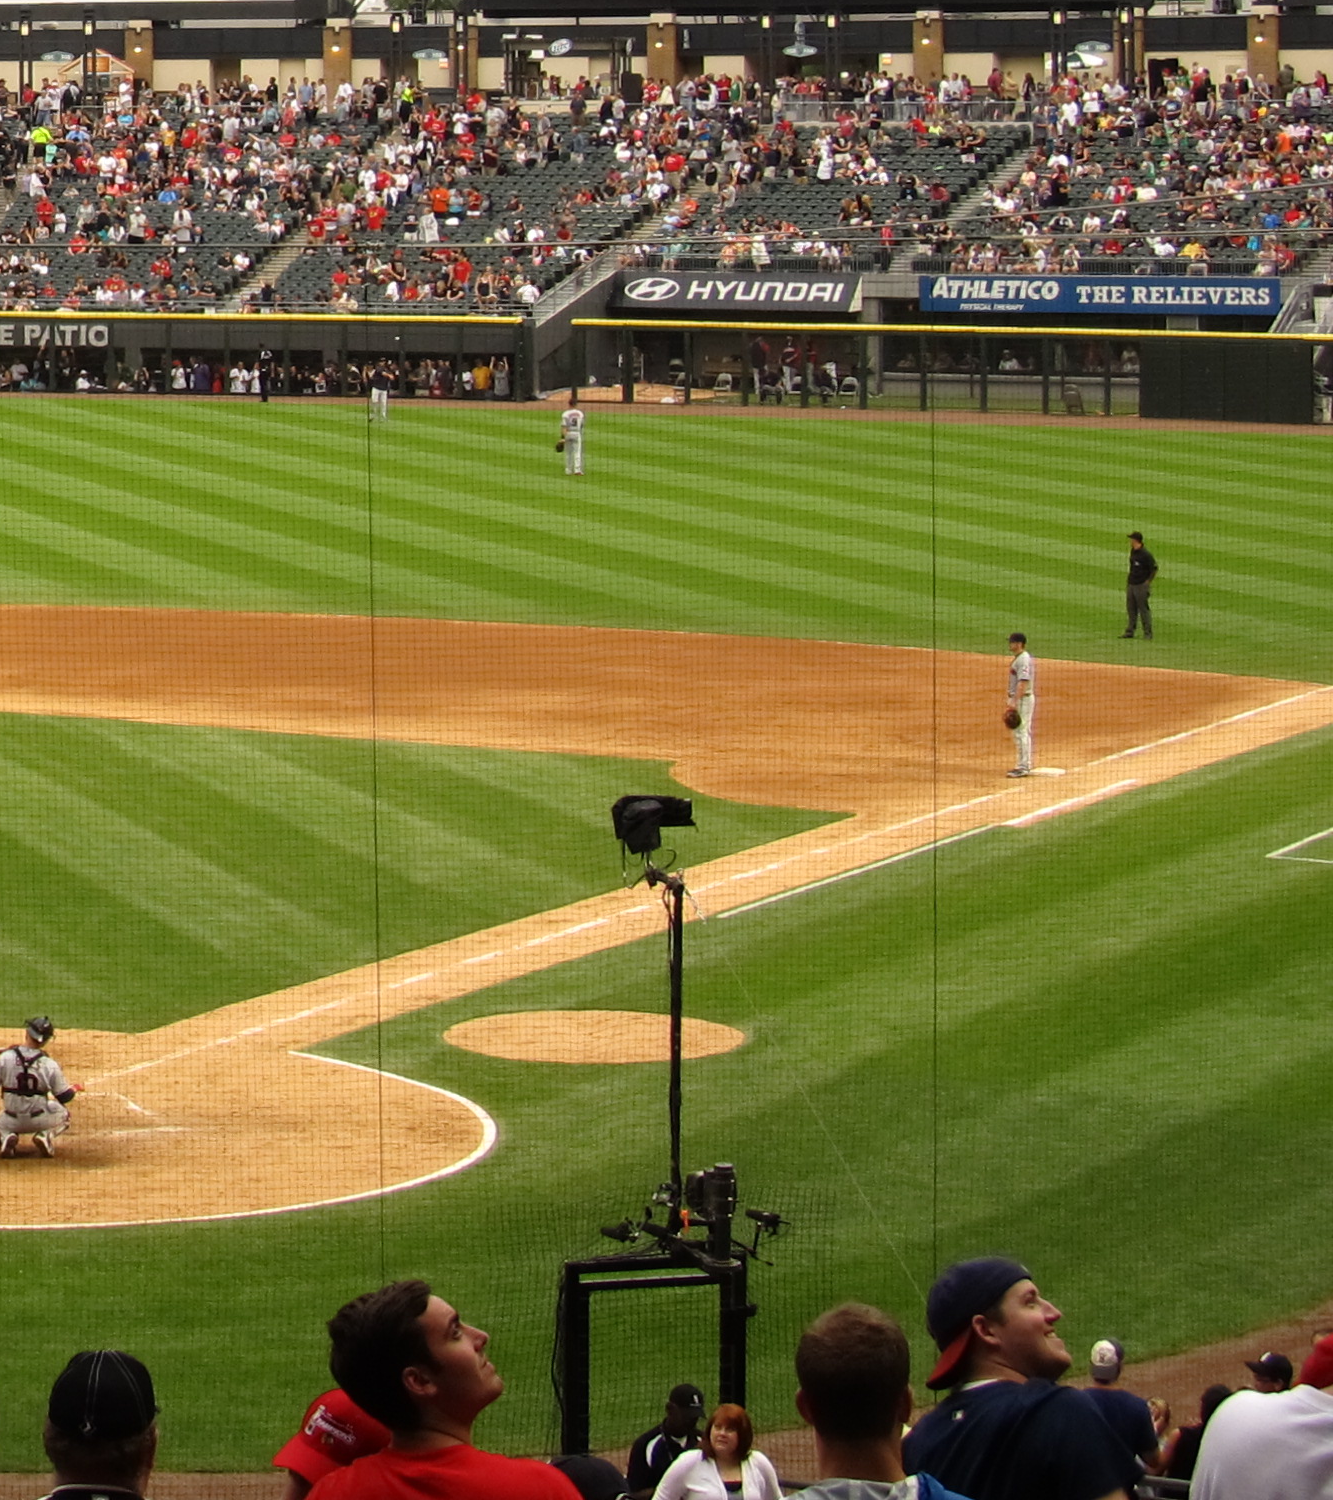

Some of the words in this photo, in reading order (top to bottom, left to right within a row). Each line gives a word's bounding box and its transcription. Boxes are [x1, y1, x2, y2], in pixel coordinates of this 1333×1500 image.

[687, 280, 845, 303] HYUNDAI
[932, 276, 1060, 300] ATHLETICO
[1076, 285, 1126, 304] THE
[1132, 286, 1270, 306] RELIEVERS
[23, 324, 109, 348] PATIO

YOUR GOAL: The whole listing should be printed again exactly as written, images excluded.

SOLUTION TO THIS PROBLEM:
Some of the words in this photo, in reading order (top to bottom, left to right within a row). Each line gives a word's bounding box and its transcription. Boxes are [x1, y1, x2, y2], in pixel coordinates of this 1333×1500 image.

[687, 280, 845, 303] HYUNDAI
[932, 276, 1060, 300] ATHLETICO
[1076, 285, 1126, 304] THE
[1132, 286, 1270, 306] RELIEVERS
[23, 324, 109, 348] PATIO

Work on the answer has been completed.